Con Sordi è rimasto in contatto?
“Quando qualche tempo dopo ho esordito in A, Albertone è stato intervistato da un giornale ed è stato molto carino con me, dicendo che l’Atalanta non avrebbe mai segnato al portiere del suo Borgorosso. Finì 0-0”.

Lei riuscì a non subire gol neanche da Pelé.
“Eravamo in tour negli States con il Bologna. C’erano anche il Santos e il West Ham. La Perla Nera non fece gol. Esperienza indimenticabile anche quella”.

Durante il film invece qualche gol se lo prese. Nella sconfitta con la Celerina 3-2 si vede una sua uscita a vuoto.
“Una delle cose più difficili per un portiere è sbagliare per finzione. In quel caso ho fatto fatica”.

Si è sentito in quei giorni più un calciatore o più un attore?
“Né una cosa né l’altra. Ma ci siamo divertiti tantissimo. Dalla mattina alla sera a disposizione della produzione che mi dava 10 mila lire al giorno”.

Come costruirono la squadra?
“Presero una parte del Baracca Lugo, poi altri calciatori di squadre di paesi limitrofi. Quelli che hanno fatto successivamente più carriera sono stati Valerio Spadoni, acquistato dalla Roma, e Germano Pistori. Gli altri sono rimasti nei dilettanti. Con qualcuno ci si vede ancora, si parla del calcio di allora e anche di quel film. I ricordi fanno bene”.

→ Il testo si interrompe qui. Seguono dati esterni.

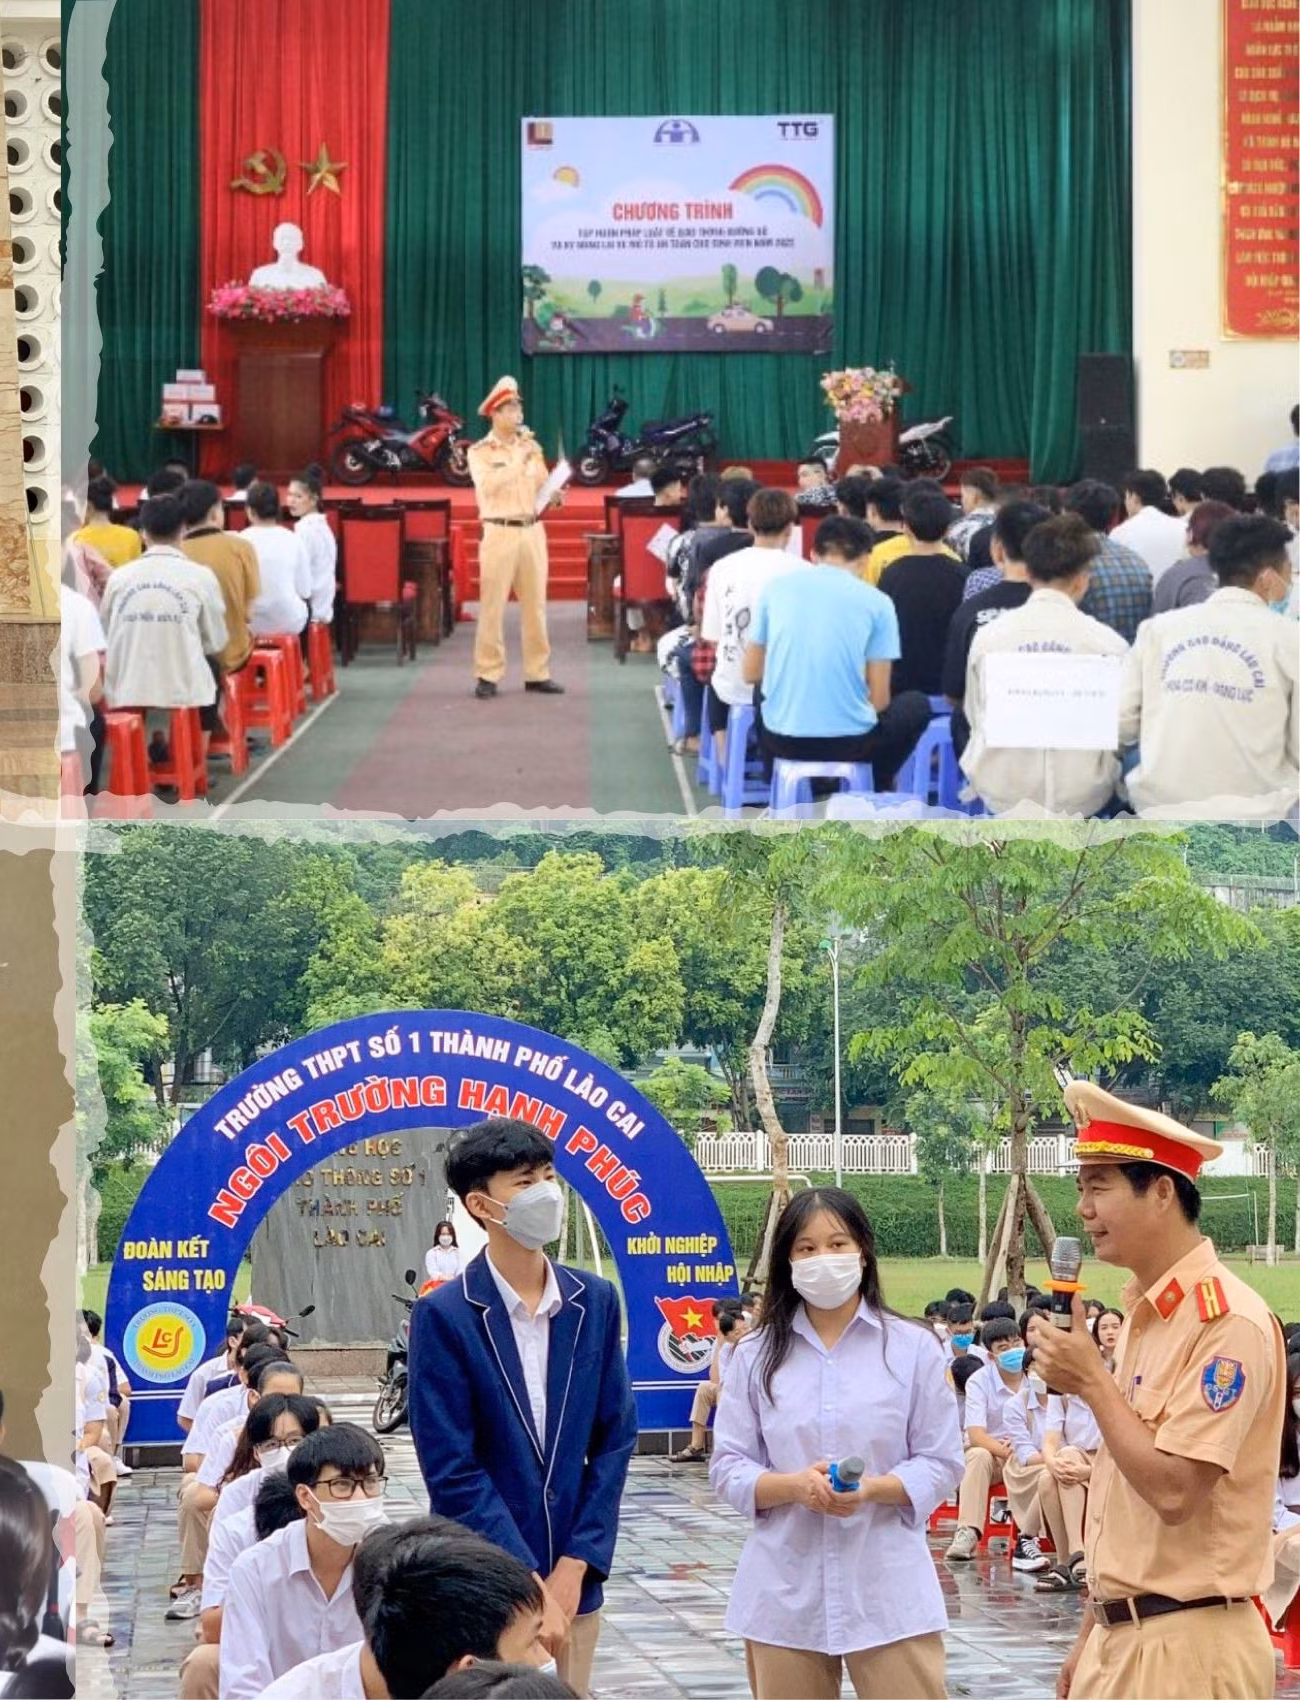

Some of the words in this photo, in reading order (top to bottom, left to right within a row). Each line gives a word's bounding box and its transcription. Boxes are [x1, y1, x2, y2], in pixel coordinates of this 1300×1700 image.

Era il regista a coordinare le parti calcistiche della pellicola?
“No, quel compito era di Adriano Zecca che del film era anche sceneggiatore. Zecca aveva fatto tanti anni in A con Torino, Modena e Roma. Lo avevano scelto per la sua esperienza. A volte ci diceva di fare partita vera, altre ci faceva seguire il copione”.

Nel cast anche Omar Sivori?
“Arrivò verso alla fine del campionato del Borgorosso. Era l’ultima settimana di riprese. Lo ricordo al mare con Sordi e Carlo Taranto che nel film interpretava l’allenatore José Buonservizi”.